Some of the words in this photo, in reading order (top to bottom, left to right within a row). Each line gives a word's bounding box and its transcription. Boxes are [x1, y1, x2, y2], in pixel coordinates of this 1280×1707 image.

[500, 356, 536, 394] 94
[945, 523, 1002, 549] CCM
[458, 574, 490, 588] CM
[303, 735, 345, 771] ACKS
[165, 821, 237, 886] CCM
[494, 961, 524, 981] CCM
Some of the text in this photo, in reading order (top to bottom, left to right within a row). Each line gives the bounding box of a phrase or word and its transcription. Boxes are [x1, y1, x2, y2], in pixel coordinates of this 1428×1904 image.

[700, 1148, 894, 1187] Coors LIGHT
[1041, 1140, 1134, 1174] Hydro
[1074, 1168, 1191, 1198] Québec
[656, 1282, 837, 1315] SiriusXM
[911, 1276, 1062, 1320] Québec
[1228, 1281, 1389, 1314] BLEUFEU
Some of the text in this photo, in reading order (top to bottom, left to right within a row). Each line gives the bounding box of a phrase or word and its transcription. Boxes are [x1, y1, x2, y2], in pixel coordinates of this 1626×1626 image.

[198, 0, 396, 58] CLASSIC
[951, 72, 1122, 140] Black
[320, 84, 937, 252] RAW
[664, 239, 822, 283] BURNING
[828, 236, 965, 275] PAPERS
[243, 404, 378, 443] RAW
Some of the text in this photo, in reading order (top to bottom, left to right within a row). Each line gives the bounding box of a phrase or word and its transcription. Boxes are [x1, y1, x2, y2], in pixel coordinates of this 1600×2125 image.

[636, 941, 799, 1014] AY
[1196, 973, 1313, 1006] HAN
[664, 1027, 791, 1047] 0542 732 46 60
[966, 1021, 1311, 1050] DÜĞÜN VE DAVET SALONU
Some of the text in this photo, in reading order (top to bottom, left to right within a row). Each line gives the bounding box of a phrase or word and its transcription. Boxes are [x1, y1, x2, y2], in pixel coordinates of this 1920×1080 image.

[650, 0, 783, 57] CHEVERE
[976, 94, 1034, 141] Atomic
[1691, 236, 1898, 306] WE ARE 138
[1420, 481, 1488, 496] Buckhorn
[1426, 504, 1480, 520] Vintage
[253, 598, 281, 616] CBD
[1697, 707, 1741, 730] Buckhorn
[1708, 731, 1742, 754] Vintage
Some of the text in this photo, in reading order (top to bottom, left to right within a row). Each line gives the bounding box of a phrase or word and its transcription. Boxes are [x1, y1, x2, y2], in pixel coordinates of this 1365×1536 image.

★ ★ ★ ★ ★ ★ ★

» Work to be completed
Within the records above, the line carrying "this 1920×1080 image." starts the range and the last line ends it. Set down that range exactly.

» Response to this task
Some of the text in this photo, in reading order (top to bottom, left to right within a row). Each line gives the bounding box of a phrase or word and its transcription. Boxes are [x1, y1, x2, y2], in pixel coordinates of this 1920×1080 image.

[650, 0, 783, 57] CHEVERE
[976, 94, 1034, 141] Atomic
[1691, 236, 1898, 306] WE ARE 138
[1420, 481, 1488, 496] Buckhorn
[1426, 504, 1480, 520] Vintage
[253, 598, 281, 616] CBD
[1697, 707, 1741, 730] Buckhorn
[1708, 731, 1742, 754] Vintage
Some of the text in this photo, in reading order (top to bottom, left to right within a row). Each line gives the bounding box of a phrase or word and its transcription. Boxes are [x1, y1, x2, y2], in pixel coordinates of this 1365×1536 image.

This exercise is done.